:: TASK DETAILS ::
From the first line to the last, give the material again exactly, without the images.

<<<<

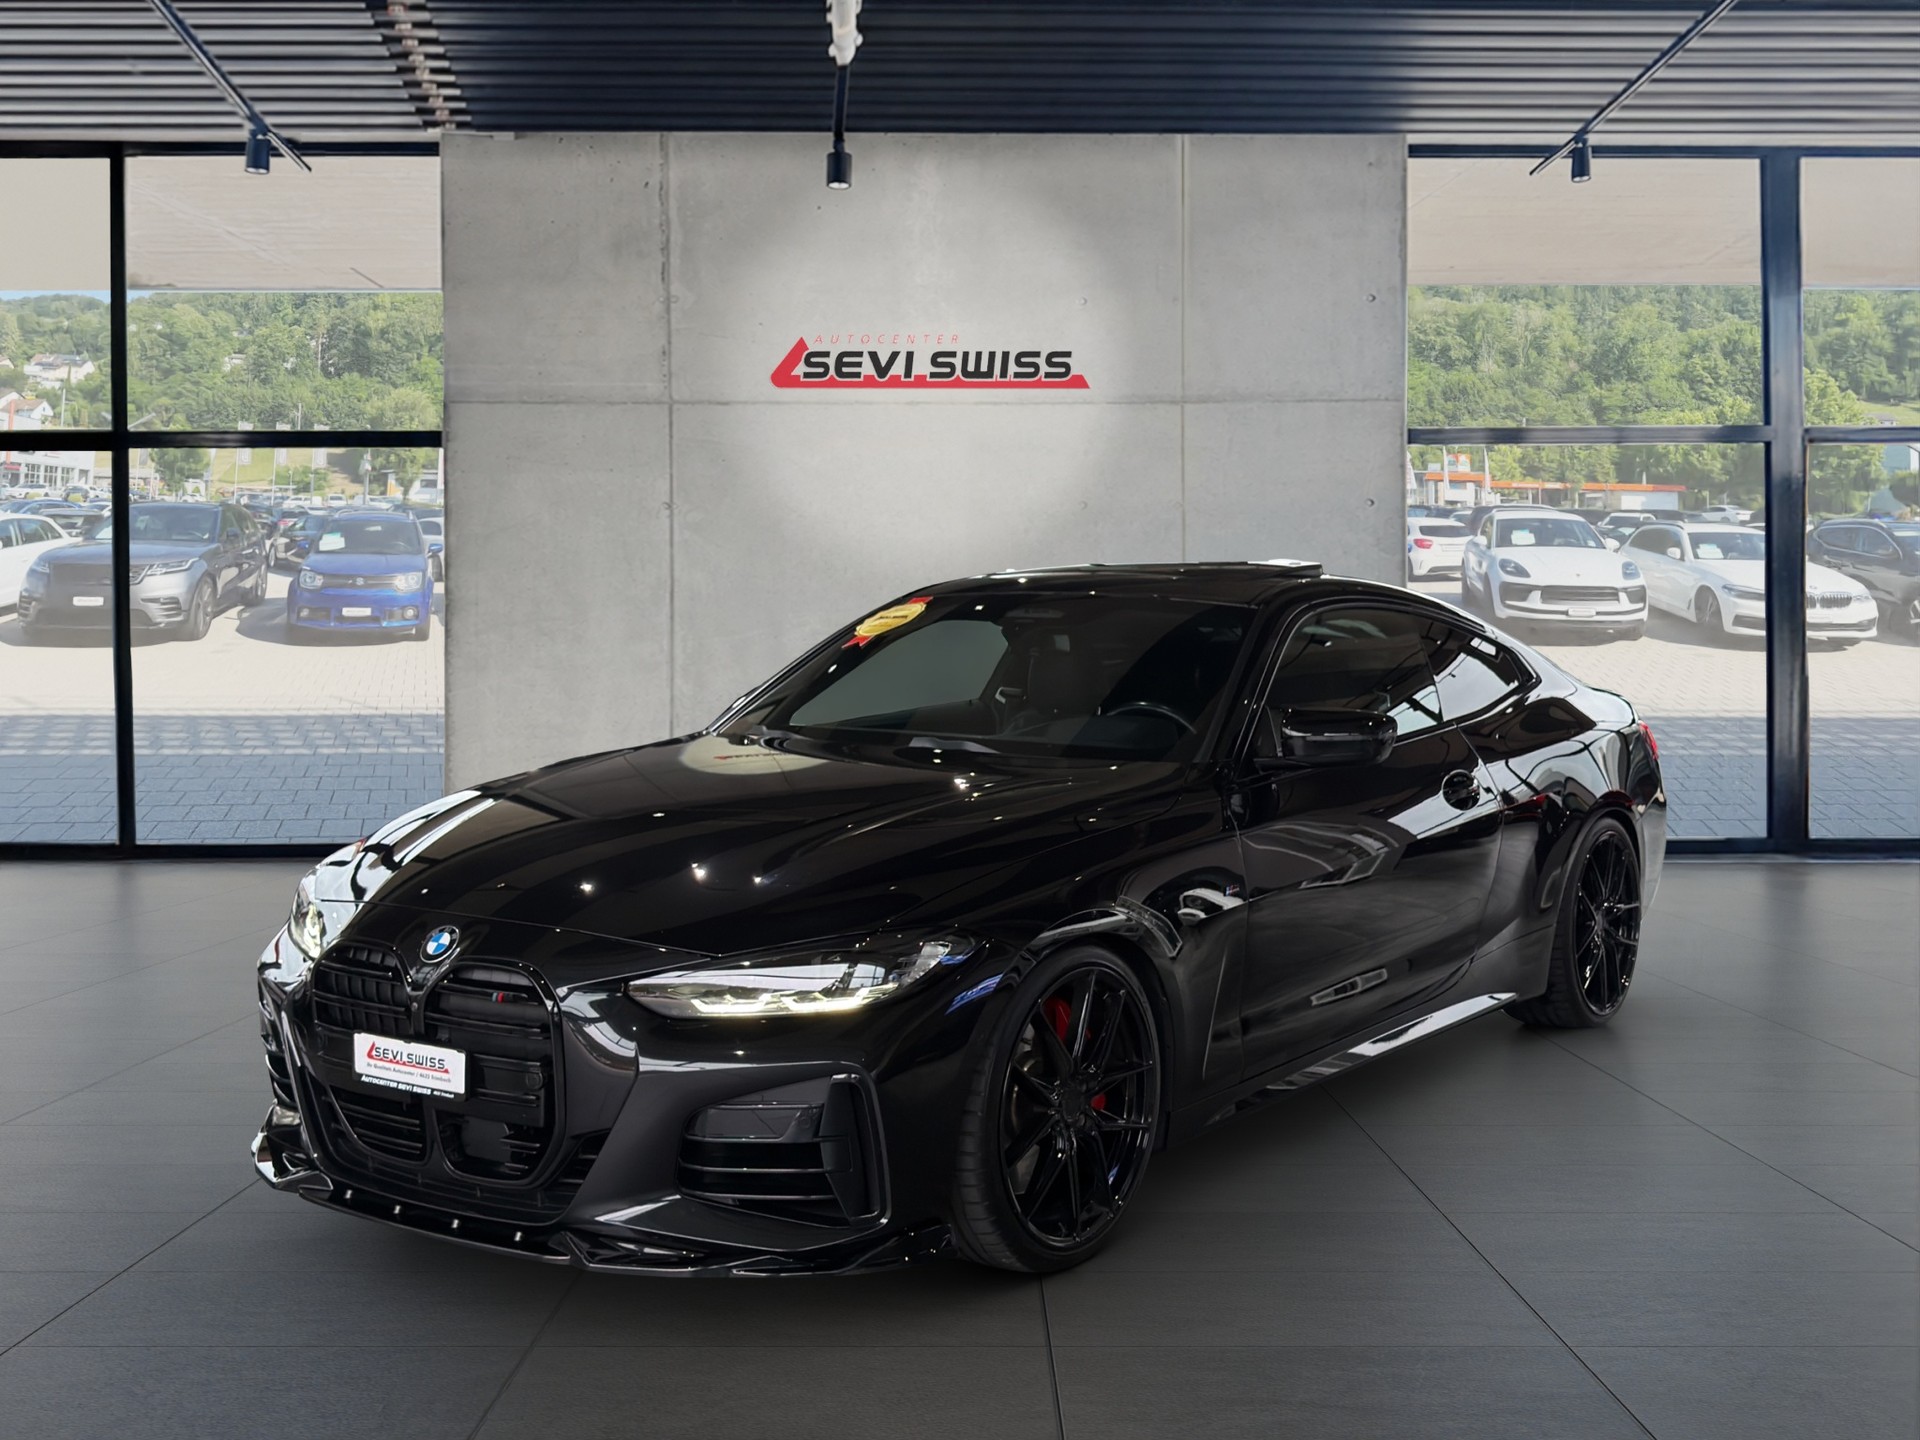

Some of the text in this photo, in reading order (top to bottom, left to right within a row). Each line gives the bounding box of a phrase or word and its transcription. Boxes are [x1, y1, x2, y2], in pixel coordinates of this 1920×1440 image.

[814, 334, 960, 345] AUTOCENTER
[802, 351, 1073, 380] SEVI SWISS
[374, 1047, 446, 1070] SEVI SWISS
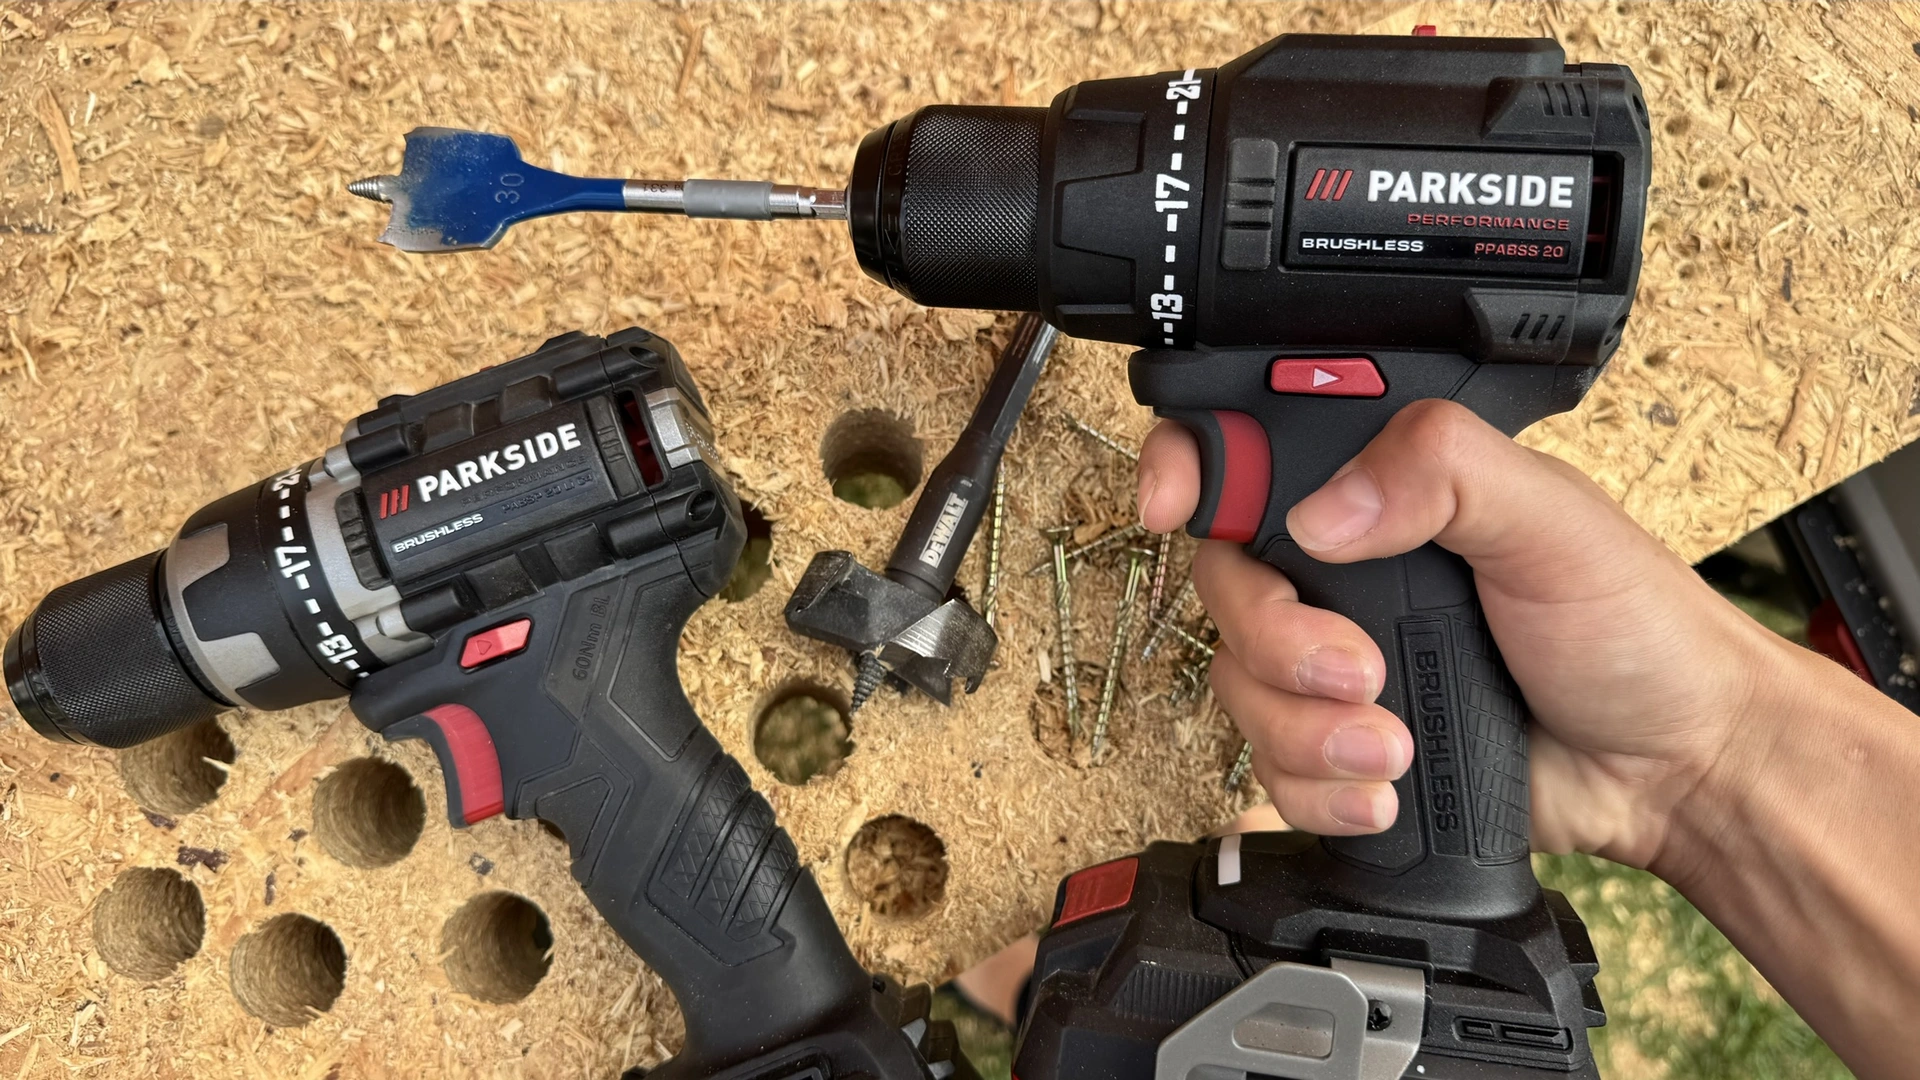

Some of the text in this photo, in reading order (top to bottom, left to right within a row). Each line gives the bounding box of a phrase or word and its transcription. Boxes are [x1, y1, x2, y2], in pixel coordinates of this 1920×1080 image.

[494, 173, 525, 204] 30
[1155, 173, 1190, 213] 17
[1367, 170, 1575, 208] PARKSIDE
[1407, 213, 1570, 231] PERFORMANCE
[1302, 238, 1425, 252] BRUSHLESS
[1543, 245, 1565, 258] 20
[1151, 293, 1183, 320] 13
[417, 423, 581, 503] PARKSIDE
[394, 513, 484, 553] BRUSHLESS
[919, 491, 969, 569] DEWALT
[275, 546, 311, 578] 17
[317, 634, 358, 664] 13
[572, 622, 602, 680] 60Nm
[1415, 650, 1458, 833] BRUSHLESS

>>>>

:: SOLUTION TO THE PROBLEM ::
Some of the text in this photo, in reading order (top to bottom, left to right within a row). Each line gives the bounding box of a phrase or word and its transcription. Boxes are [x1, y1, x2, y2], in pixel coordinates of this 1920×1440 image.

[814, 334, 960, 345] AUTOCENTER
[802, 351, 1073, 380] SEVI SWISS
[374, 1047, 446, 1070] SEVI SWISS

Some of the text in this photo, in reading order (top to bottom, left to right within a row). Each line gives the bounding box of a phrase or word and its transcription. Boxes are [x1, y1, x2, y2], in pixel coordinates of this 1920×1080 image.

[494, 173, 525, 204] 30
[1155, 173, 1190, 213] 17
[1367, 170, 1575, 208] PARKSIDE
[1407, 213, 1570, 231] PERFORMANCE
[1302, 238, 1425, 252] BRUSHLESS
[1543, 245, 1565, 258] 20
[1151, 293, 1183, 320] 13
[417, 423, 581, 503] PARKSIDE
[394, 513, 484, 553] BRUSHLESS
[919, 491, 969, 569] DEWALT
[275, 546, 311, 578] 17
[317, 634, 358, 664] 13
[572, 622, 602, 680] 60Nm
[1415, 650, 1458, 833] BRUSHLESS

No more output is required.